Start of Given records

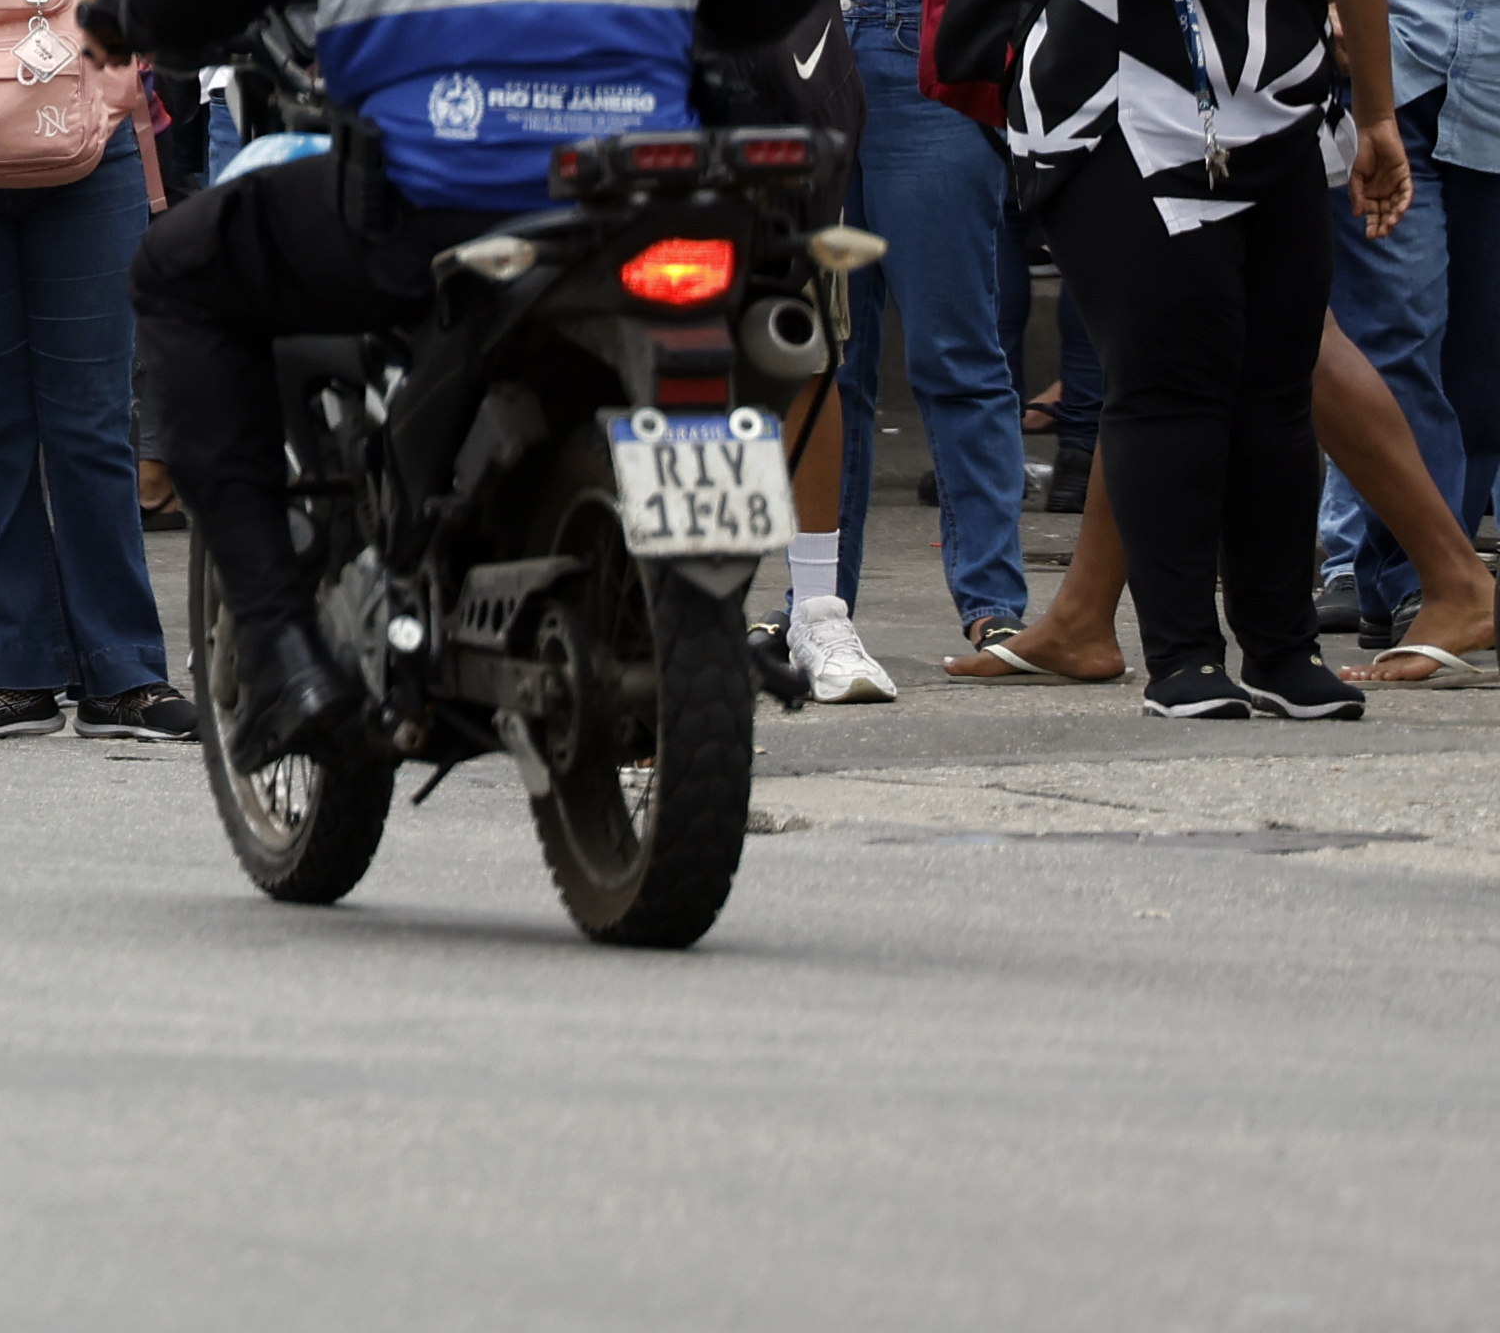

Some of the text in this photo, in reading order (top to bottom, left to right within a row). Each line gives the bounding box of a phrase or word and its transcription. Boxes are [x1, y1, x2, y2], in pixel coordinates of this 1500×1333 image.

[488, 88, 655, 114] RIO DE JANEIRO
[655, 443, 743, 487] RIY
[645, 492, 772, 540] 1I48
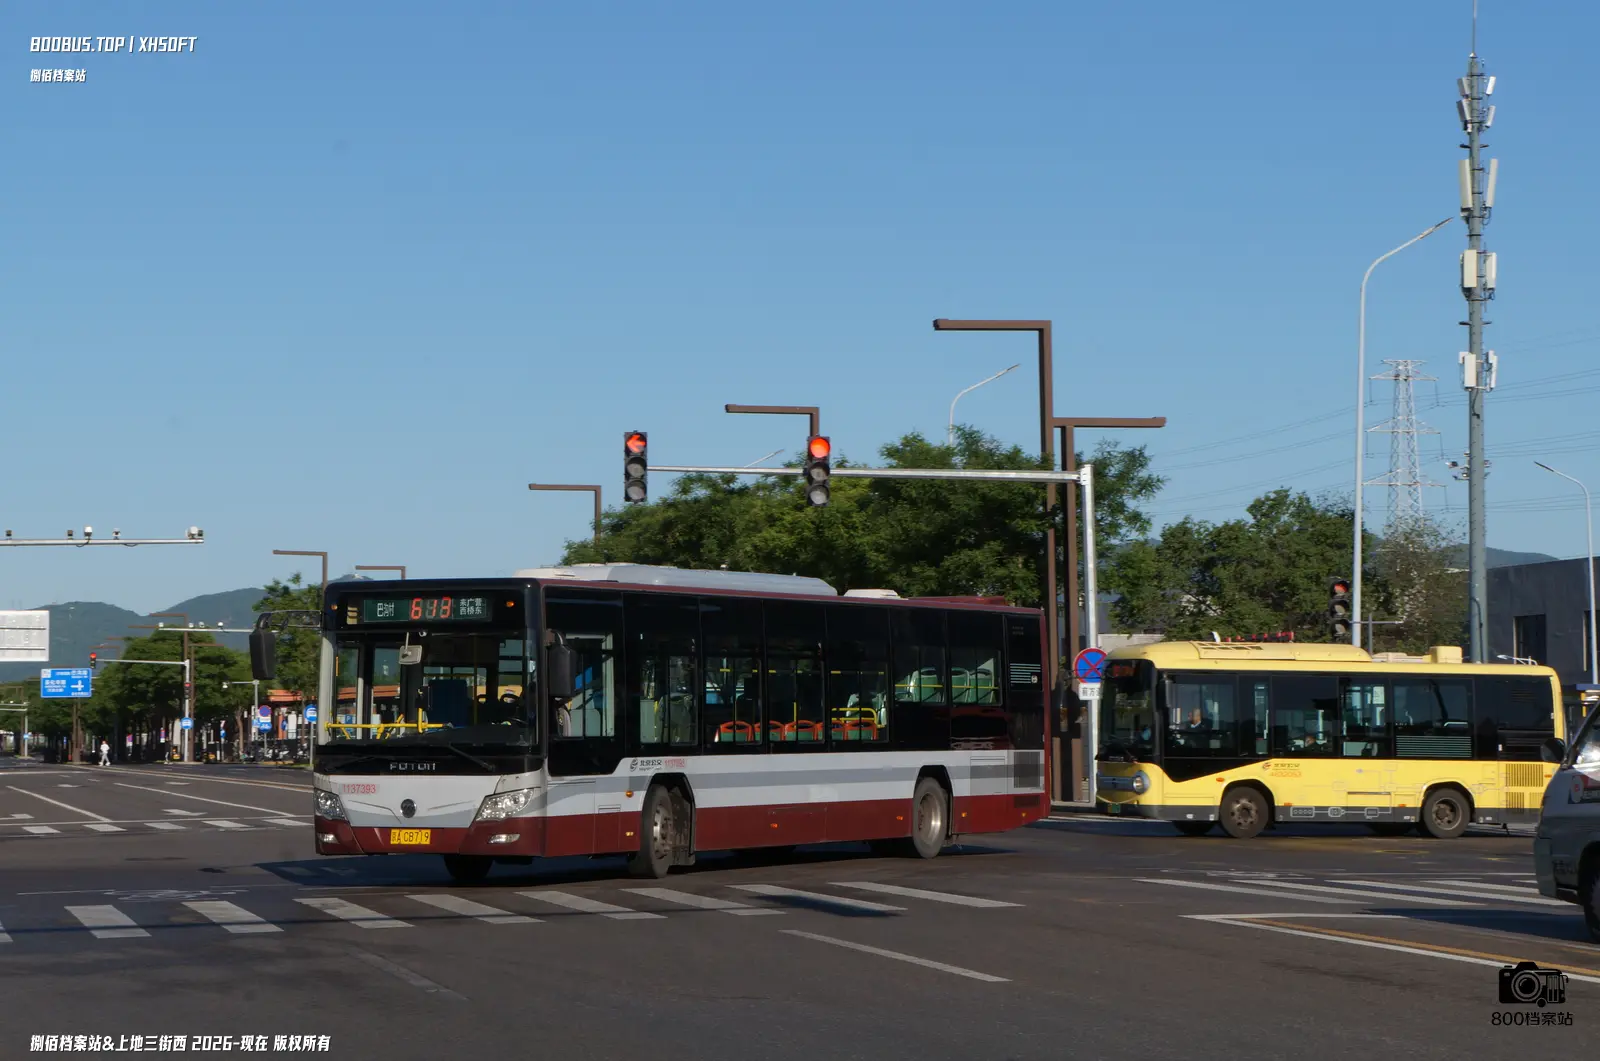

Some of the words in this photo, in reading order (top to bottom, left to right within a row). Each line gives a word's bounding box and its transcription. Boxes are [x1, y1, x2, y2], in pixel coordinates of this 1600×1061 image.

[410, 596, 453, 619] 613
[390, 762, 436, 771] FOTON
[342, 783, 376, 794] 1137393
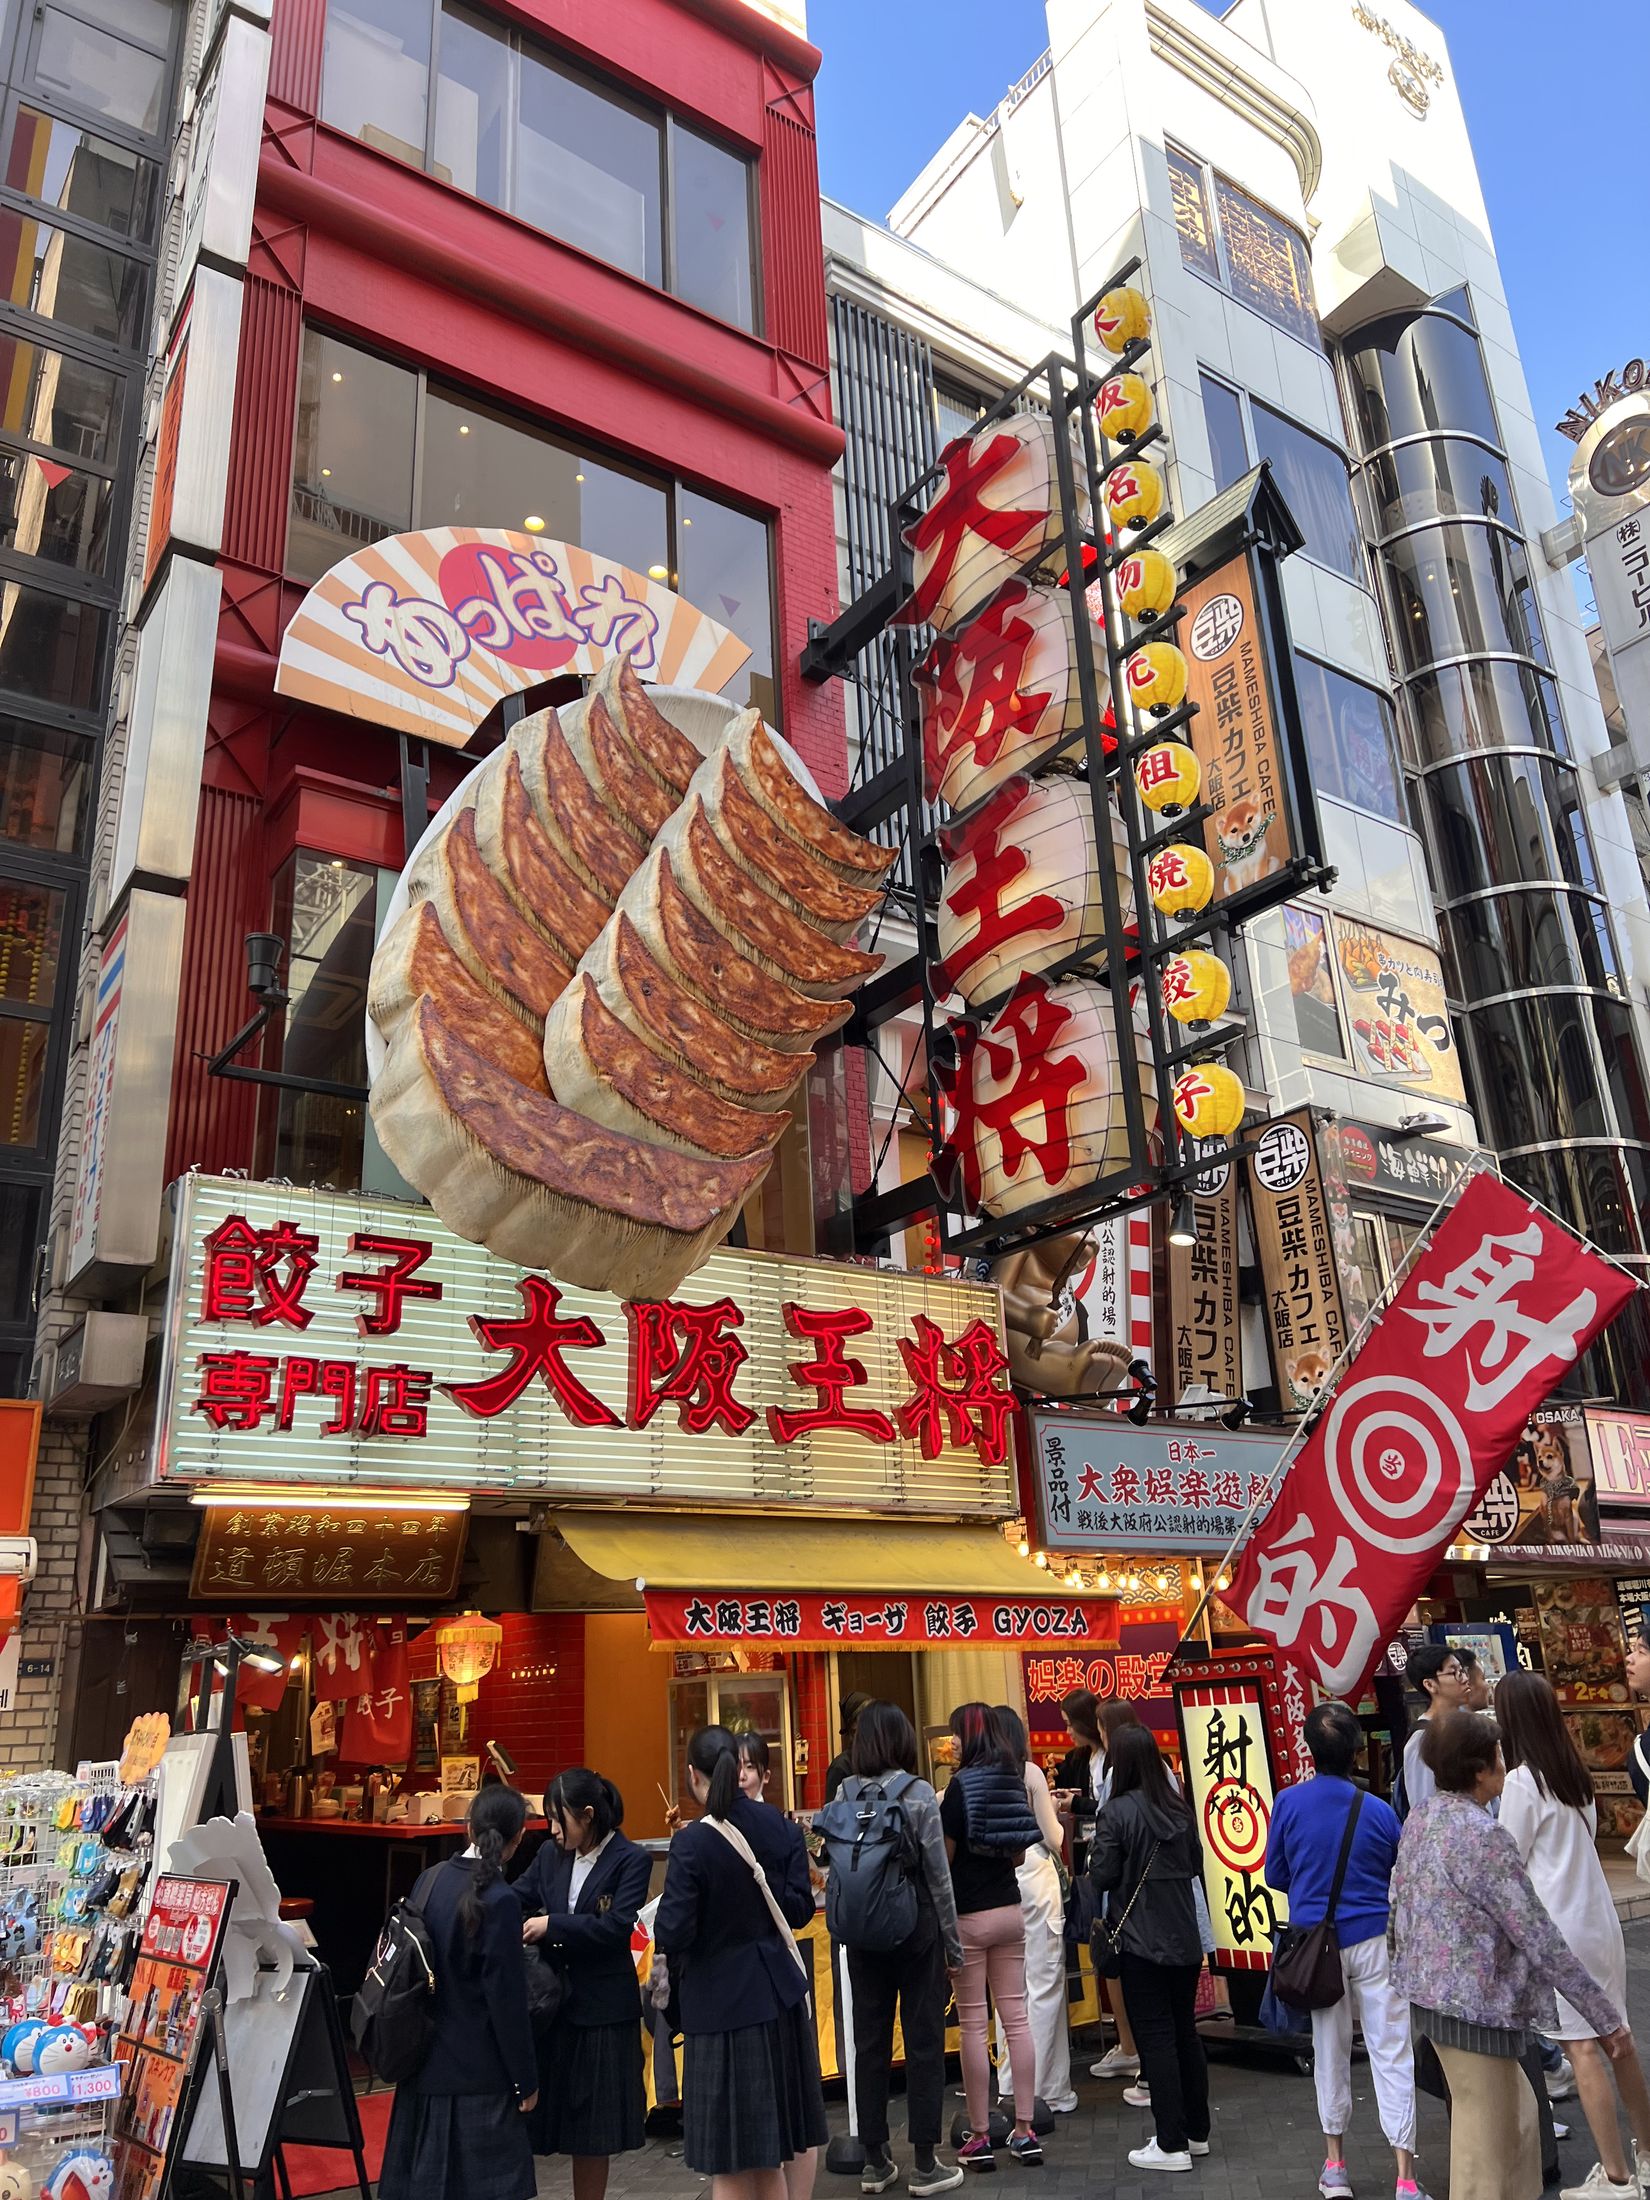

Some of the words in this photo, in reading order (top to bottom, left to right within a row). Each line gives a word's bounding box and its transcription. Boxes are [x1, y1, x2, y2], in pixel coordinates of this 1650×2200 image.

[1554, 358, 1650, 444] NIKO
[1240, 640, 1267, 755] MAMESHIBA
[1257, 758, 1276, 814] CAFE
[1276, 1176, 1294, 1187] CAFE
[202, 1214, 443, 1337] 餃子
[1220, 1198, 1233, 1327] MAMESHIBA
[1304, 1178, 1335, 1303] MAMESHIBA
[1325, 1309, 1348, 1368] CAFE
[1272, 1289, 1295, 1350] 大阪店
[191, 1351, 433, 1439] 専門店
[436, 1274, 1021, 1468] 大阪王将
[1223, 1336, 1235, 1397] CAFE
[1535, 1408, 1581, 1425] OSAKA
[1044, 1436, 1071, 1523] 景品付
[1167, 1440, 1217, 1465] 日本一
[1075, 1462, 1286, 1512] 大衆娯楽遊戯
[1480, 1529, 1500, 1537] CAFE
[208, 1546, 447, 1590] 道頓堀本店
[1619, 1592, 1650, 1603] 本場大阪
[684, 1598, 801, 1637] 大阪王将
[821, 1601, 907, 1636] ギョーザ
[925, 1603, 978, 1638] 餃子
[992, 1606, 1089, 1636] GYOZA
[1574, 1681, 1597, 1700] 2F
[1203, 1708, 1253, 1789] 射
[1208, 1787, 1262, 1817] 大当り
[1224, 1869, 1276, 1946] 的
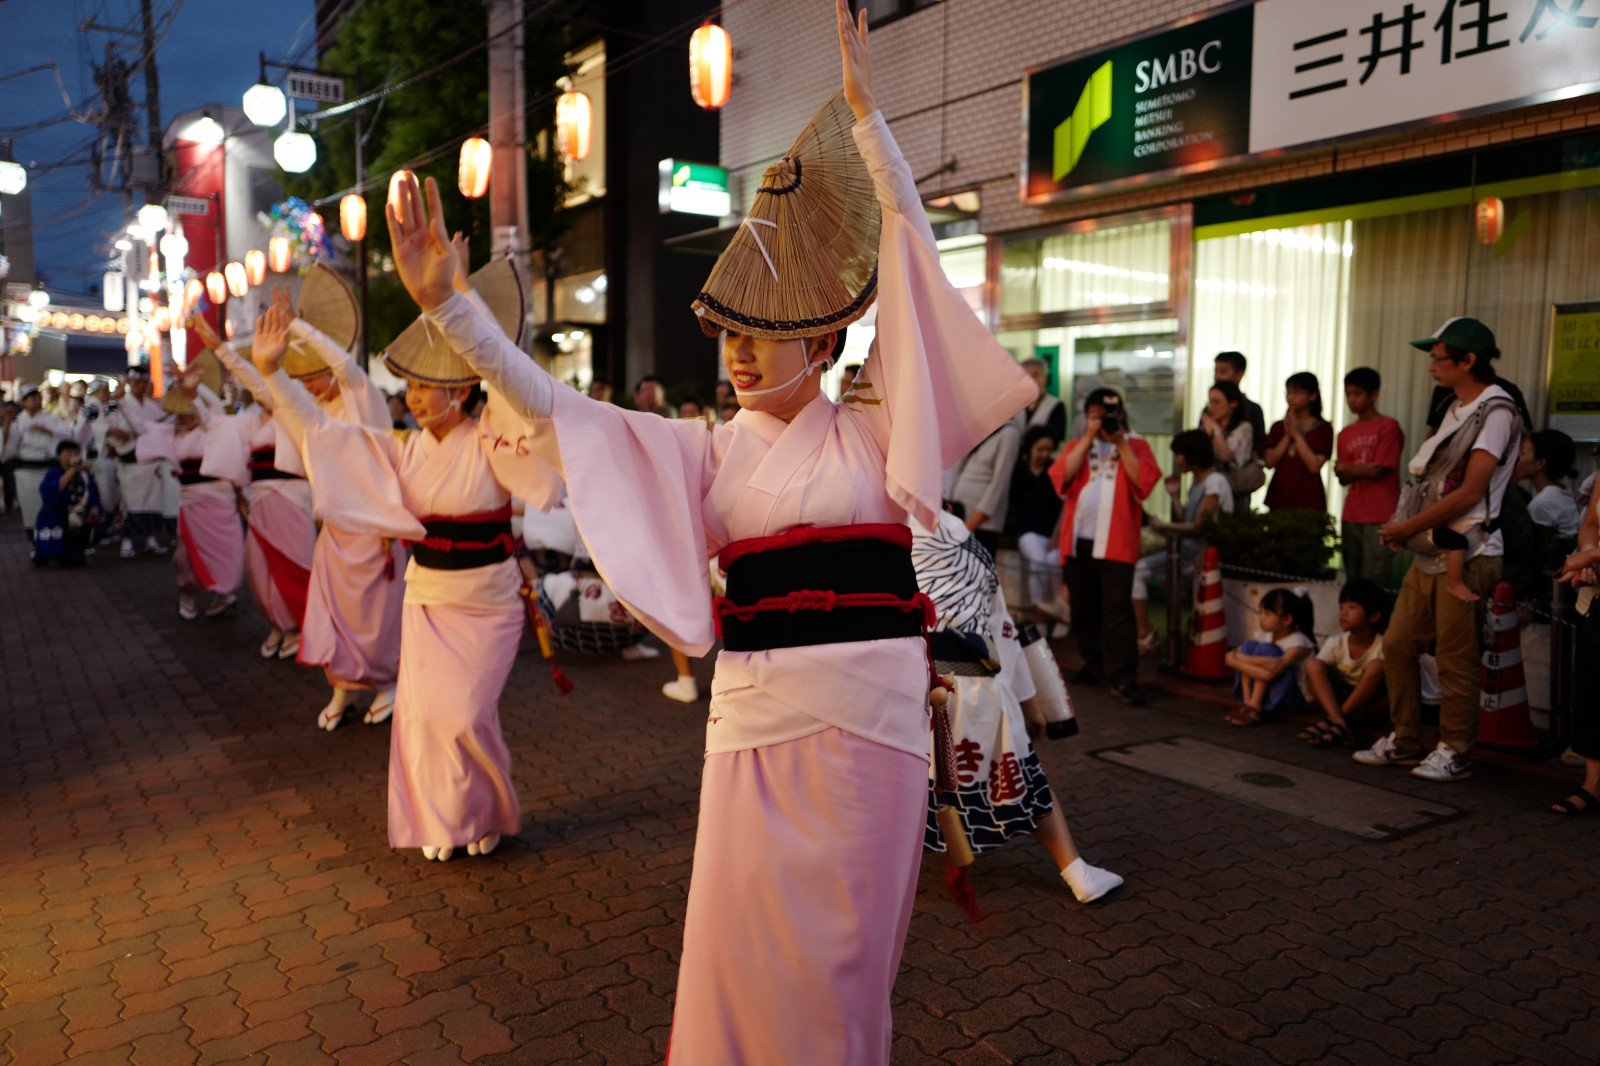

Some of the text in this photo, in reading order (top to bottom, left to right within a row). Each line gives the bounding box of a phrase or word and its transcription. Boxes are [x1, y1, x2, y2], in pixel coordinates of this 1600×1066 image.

End of Given records

Transcribe each line above exactly, pictures excluded.

Some of the text in this photo, in reading order (top to bottom, left to right within a row). Each line gives the bounding box of a phrase or word and its transcription. Boxes are [x1, y1, x2, y2], in pixel coordinates of this 1500×1333 image.

[488, 88, 655, 114] RIO DE JANEIRO
[655, 443, 743, 487] RIY
[645, 492, 772, 540] 1I48

Some of the words in this photo, in reading order (top to bottom, left to right within a row). Each line gives a word's bounding box and its transcription. Boxes are [x1, y1, x2, y2], in pixel coordinates of this 1600×1061 image.

[410, 596, 453, 619] 613
[390, 762, 436, 771] FOTON
[342, 783, 376, 794] 1137393

Some of the words in this photo, in reading order (top to bottom, left to right within a row). Each line gives a word's bounding box and its transcription. Boxes are [x1, y1, x2, y2], in pixel coordinates of this 1650×2200 image.

[1554, 358, 1650, 444] NIKO
[1240, 640, 1267, 755] MAMESHIBA
[1257, 758, 1276, 814] CAFE
[1276, 1176, 1294, 1187] CAFE
[202, 1214, 443, 1337] 餃子
[1220, 1198, 1233, 1327] MAMESHIBA
[1304, 1178, 1335, 1303] MAMESHIBA
[1325, 1309, 1348, 1368] CAFE
[1272, 1289, 1295, 1350] 大阪店
[191, 1351, 433, 1439] 専門店
[436, 1274, 1021, 1468] 大阪王将
[1223, 1336, 1235, 1397] CAFE
[1535, 1408, 1581, 1425] OSAKA
[1044, 1436, 1071, 1523] 景品付
[1167, 1440, 1217, 1465] 日本一
[1075, 1462, 1286, 1512] 大衆娯楽遊戯
[1480, 1529, 1500, 1537] CAFE
[208, 1546, 447, 1590] 道頓堀本店
[1619, 1592, 1650, 1603] 本場大阪
[684, 1598, 801, 1637] 大阪王将
[821, 1601, 907, 1636] ギョーザ
[925, 1603, 978, 1638] 餃子
[992, 1606, 1089, 1636] GYOZA
[1574, 1681, 1597, 1700] 2F
[1203, 1708, 1253, 1789] 射
[1208, 1787, 1262, 1817] 大当り
[1224, 1869, 1276, 1946] 的

Some of the text in this photo, in reading order (top to bottom, left to right within a row). Each line gives the bounding box of a phrase or word and its transcription. Boxes are [x1, y1, x2, y2], in pixel coordinates of this 1600×1066 image.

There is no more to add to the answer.